YOUR ASSIGNMENT: Please write out only the lines running from the one with "this 1280×1280 image." through the last line of the listing, each exactly as given.

SUPPLIED MATERIAL:
'''

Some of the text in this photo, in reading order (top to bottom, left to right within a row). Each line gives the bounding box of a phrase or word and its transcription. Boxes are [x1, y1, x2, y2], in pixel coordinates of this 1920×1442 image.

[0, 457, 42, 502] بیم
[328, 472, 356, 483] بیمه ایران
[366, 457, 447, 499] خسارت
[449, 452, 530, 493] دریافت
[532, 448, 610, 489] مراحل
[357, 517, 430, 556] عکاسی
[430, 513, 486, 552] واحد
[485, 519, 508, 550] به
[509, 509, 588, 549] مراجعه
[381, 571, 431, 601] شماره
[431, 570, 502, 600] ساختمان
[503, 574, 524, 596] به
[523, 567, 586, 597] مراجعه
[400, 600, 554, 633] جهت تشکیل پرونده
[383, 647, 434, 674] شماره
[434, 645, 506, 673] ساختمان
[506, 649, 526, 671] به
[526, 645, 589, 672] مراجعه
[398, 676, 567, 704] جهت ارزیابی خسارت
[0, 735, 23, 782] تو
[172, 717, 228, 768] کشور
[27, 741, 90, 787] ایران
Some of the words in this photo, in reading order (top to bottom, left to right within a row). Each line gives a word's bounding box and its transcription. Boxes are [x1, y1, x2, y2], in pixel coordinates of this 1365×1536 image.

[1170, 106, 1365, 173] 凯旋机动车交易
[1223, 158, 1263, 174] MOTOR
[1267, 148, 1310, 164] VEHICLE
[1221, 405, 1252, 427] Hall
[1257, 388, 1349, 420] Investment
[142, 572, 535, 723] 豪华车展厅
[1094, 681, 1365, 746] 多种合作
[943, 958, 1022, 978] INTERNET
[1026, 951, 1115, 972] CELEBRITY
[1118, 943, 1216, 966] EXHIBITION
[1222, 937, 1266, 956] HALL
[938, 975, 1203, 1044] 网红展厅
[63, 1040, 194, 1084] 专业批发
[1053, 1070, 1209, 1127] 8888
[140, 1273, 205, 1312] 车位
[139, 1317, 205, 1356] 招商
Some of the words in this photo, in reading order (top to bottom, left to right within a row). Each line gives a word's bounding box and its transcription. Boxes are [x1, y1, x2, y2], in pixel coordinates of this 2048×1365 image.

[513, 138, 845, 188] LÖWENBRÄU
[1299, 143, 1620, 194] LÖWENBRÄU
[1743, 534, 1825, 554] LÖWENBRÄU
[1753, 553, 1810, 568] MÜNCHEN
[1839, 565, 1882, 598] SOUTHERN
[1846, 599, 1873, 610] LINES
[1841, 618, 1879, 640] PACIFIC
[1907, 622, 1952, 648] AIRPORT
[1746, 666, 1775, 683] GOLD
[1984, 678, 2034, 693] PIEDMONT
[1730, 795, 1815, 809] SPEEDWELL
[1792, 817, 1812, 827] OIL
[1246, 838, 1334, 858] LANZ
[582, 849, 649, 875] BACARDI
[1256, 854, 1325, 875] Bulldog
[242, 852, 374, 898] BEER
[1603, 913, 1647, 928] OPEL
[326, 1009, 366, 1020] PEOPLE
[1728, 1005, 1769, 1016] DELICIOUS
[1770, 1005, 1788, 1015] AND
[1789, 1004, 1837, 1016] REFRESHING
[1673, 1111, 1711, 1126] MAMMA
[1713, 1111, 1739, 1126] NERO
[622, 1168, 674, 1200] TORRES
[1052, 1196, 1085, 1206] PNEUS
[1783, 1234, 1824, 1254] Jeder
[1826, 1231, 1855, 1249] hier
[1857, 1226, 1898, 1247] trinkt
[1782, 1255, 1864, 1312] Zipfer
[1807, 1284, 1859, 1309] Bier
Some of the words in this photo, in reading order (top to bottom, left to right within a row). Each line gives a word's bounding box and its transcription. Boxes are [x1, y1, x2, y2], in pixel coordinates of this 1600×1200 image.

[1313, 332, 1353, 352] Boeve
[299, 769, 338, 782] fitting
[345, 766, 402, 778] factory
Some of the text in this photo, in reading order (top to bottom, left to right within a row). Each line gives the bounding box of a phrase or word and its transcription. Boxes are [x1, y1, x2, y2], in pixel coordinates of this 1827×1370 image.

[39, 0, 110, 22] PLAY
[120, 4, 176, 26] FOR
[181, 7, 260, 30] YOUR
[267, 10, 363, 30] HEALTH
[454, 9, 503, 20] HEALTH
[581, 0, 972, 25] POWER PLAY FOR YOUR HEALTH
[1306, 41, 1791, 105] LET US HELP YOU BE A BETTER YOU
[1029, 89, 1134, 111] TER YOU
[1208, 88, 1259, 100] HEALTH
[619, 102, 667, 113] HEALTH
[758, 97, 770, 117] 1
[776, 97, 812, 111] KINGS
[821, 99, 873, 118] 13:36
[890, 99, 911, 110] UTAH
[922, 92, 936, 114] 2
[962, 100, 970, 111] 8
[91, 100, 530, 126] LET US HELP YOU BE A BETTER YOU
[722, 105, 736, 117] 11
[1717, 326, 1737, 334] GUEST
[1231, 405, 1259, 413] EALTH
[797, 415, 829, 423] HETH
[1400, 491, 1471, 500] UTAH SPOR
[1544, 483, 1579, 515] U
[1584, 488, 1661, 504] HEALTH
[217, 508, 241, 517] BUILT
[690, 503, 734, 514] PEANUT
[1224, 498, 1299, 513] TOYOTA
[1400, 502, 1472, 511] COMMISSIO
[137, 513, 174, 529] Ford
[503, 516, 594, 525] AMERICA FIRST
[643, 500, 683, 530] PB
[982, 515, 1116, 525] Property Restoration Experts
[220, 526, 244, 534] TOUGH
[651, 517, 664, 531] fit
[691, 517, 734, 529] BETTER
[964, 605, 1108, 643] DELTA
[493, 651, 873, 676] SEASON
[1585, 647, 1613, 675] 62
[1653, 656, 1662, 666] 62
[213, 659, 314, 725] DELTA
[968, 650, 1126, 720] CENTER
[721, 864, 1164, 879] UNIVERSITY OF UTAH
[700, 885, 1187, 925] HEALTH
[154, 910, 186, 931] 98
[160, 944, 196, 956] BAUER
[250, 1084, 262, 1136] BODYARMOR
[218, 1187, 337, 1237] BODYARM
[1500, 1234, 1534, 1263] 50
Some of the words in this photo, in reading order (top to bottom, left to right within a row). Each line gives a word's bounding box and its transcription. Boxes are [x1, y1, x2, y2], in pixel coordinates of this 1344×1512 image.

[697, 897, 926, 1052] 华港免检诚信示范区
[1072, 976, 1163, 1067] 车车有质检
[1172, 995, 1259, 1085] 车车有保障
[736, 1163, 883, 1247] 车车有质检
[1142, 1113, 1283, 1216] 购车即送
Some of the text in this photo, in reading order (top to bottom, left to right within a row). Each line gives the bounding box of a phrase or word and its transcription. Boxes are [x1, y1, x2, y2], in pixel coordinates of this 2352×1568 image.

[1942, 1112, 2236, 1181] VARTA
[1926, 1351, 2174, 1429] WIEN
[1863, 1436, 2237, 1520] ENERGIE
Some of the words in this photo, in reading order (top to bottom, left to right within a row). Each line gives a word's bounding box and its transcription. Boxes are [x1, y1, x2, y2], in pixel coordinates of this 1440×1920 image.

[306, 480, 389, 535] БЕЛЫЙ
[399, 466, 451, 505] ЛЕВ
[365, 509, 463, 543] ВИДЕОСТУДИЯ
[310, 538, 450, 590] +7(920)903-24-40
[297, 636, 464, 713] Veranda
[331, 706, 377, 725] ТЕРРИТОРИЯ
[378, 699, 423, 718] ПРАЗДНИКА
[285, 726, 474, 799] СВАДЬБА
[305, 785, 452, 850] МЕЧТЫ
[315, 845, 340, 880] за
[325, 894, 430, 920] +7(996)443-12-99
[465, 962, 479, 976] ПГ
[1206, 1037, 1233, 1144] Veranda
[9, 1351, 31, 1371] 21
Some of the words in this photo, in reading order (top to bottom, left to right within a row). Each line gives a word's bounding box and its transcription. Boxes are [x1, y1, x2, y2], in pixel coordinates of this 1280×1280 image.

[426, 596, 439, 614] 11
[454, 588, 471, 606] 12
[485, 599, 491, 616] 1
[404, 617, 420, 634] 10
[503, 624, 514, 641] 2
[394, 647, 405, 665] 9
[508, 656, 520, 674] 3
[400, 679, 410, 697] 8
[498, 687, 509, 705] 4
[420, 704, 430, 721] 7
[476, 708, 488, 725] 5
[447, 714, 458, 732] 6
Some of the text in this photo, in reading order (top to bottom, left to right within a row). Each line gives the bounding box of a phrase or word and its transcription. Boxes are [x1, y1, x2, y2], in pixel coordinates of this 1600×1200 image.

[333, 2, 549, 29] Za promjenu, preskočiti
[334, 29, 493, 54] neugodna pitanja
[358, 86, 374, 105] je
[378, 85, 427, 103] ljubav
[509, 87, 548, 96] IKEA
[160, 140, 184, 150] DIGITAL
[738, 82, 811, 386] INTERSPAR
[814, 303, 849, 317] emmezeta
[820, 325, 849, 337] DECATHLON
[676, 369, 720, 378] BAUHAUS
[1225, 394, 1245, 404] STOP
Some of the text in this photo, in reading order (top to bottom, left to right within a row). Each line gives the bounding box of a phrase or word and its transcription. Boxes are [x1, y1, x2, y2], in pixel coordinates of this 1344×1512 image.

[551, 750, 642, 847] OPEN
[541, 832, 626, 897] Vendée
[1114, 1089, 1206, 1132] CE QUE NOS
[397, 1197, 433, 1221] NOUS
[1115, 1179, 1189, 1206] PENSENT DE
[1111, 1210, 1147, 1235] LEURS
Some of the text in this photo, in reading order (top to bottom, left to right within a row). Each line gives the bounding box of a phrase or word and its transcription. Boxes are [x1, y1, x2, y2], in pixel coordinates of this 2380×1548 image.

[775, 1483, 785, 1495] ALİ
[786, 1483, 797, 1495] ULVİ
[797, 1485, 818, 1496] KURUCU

'''

WRITTEN ANSWER:
Some of the words in this photo, in reading order (top to bottom, left to right within a row). Each line gives a word's bounding box and its transcription. Boxes are [x1, y1, x2, y2], in pixel coordinates of this 1280×1280 image.

[426, 596, 439, 614] 11
[454, 588, 471, 606] 12
[485, 599, 491, 616] 1
[404, 617, 420, 634] 10
[503, 624, 514, 641] 2
[394, 647, 405, 665] 9
[508, 656, 520, 674] 3
[400, 679, 410, 697] 8
[498, 687, 509, 705] 4
[420, 704, 430, 721] 7
[476, 708, 488, 725] 5
[447, 714, 458, 732] 6
Some of the text in this photo, in reading order (top to bottom, left to right within a row). Each line gives the bounding box of a phrase or word and its transcription. Boxes are [x1, y1, x2, y2], in pixel coordinates of this 1600×1200 image.

[333, 2, 549, 29] Za promjenu, preskočiti
[334, 29, 493, 54] neugodna pitanja
[358, 86, 374, 105] je
[378, 85, 427, 103] ljubav
[509, 87, 548, 96] IKEA
[160, 140, 184, 150] DIGITAL
[738, 82, 811, 386] INTERSPAR
[814, 303, 849, 317] emmezeta
[820, 325, 849, 337] DECATHLON
[676, 369, 720, 378] BAUHAUS
[1225, 394, 1245, 404] STOP
Some of the text in this photo, in reading order (top to bottom, left to right within a row). Each line gives the bounding box of a phrase or word and its transcription. Boxes are [x1, y1, x2, y2], in pixel coordinates of this 1344×1512 image.

[551, 750, 642, 847] OPEN
[541, 832, 626, 897] Vendée
[1114, 1089, 1206, 1132] CE QUE NOS
[397, 1197, 433, 1221] NOUS
[1115, 1179, 1189, 1206] PENSENT DE
[1111, 1210, 1147, 1235] LEURS
Some of the text in this photo, in reading order (top to bottom, left to right within a row). Each line gives the bounding box of a phrase or word and its transcription. Boxes are [x1, y1, x2, y2], in pixel coordinates of this 2380×1548 image.

[775, 1483, 785, 1495] ALİ
[786, 1483, 797, 1495] ULVİ
[797, 1485, 818, 1496] KURUCU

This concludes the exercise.